This is going to sound harsh, but I would break up with her. To me smoking isn't quite a deal-breaker, but if you have to be around it all the time, than yeah, it kind of is. If everyone who lived there went outside to smoke, that might be different.
posted by infinitywaltz at 2:43 PM on February 3 [2 favorites]


This sounds like a deal breaker for you, but you don't even mention if you've discussed it with her. This is something you will have to work out sooner in the relationship rather than later. Just talk to her about it.
posted by Roger Dodger at 2:45 PM on February 3 [1 favorite]


Don't stay there. It's their place, not yours. You are in charge of your own decisions about where you stay.
posted by bearwife at 2:45 PM on February 3 [3 favorites]


I mostly have a lot of followup questions, but with some advice peppered in.

1. How old are you guys, and is your girlfriend likely to move out of her mother's house anytime soon? As a corollary to the first part of that question, I would say that if you are high school students, you are waaaaay overthinking this question as you are basically 100% not going to get cancer from seeing your girlfriend for the short period of time you will inevitably date.

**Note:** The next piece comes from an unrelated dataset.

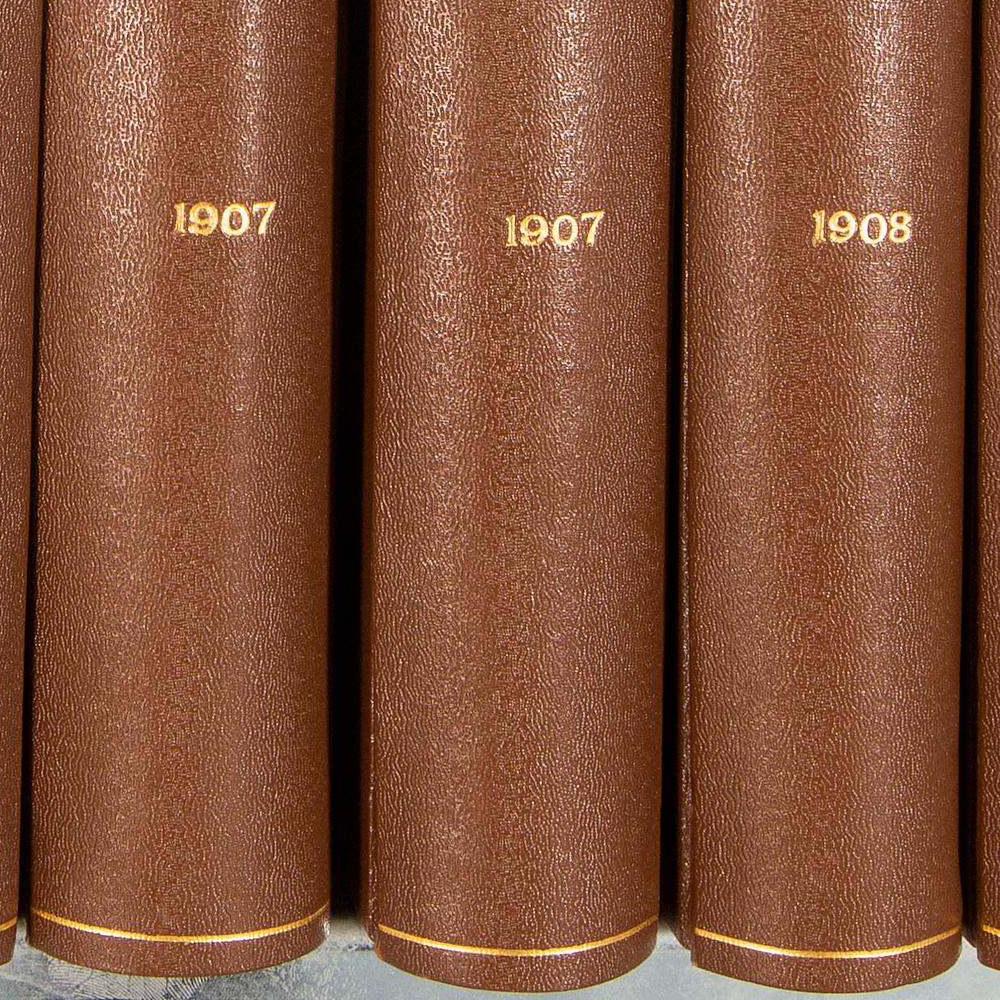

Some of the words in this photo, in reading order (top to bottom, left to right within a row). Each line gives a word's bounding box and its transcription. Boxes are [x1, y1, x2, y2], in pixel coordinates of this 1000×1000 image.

[174, 201, 276, 237] 1907
[505, 210, 604, 248] 1907
[812, 210, 912, 246] 1908

2. How long have you guys been together? I think that if your relationship is serious, you absolutely have the right to encourage her to quit. If this is a new relationship, I think you have to ask yourself whether you really want to date a smoker or not. You absolutely have the right to make your feelings about her smoking known, and to talk about it.

I have dated a few smokers. My tactic in general is to not ever be positive about the habit. If they want to stop and buy cigarettes when we're together, and it's inconvenient, I'll grumble and they can deal with it. If they are in a bad mood because they're craving a smoke, so what? If they roll down the car windows to smoke and I'm cold, I will complain that I'm cold. If their apartment stinks like cigarettes, I'm not going to pretend it doesn't. If they want my opinion on any smoking-related topic, the party line is "smoking is dumb, and I wish you would quit."

I'm not willing to pretend I'm OK with something that is, at best, a tiresome habit, and at worst going to kill someone I love eventually.

I think that if you can't be honest with your girlfriend in this way, you should really ask yourself why you're with her in the first place.
posted by Sara C. at 2:48 PM on February 3 [4 favorites]


For many people, smoking is a deal-breaker. Is it for you? Its okay if you thought it wasn't and changed your mind now that you're around it more. But you need to have an honest conversation with your girlfriend telling her that. She gets to decide what to do with her body and health but so do you. Have a talk, be honest about your concerns while also acknowledging, like you do here, that quitting is hard and its not your place to ask.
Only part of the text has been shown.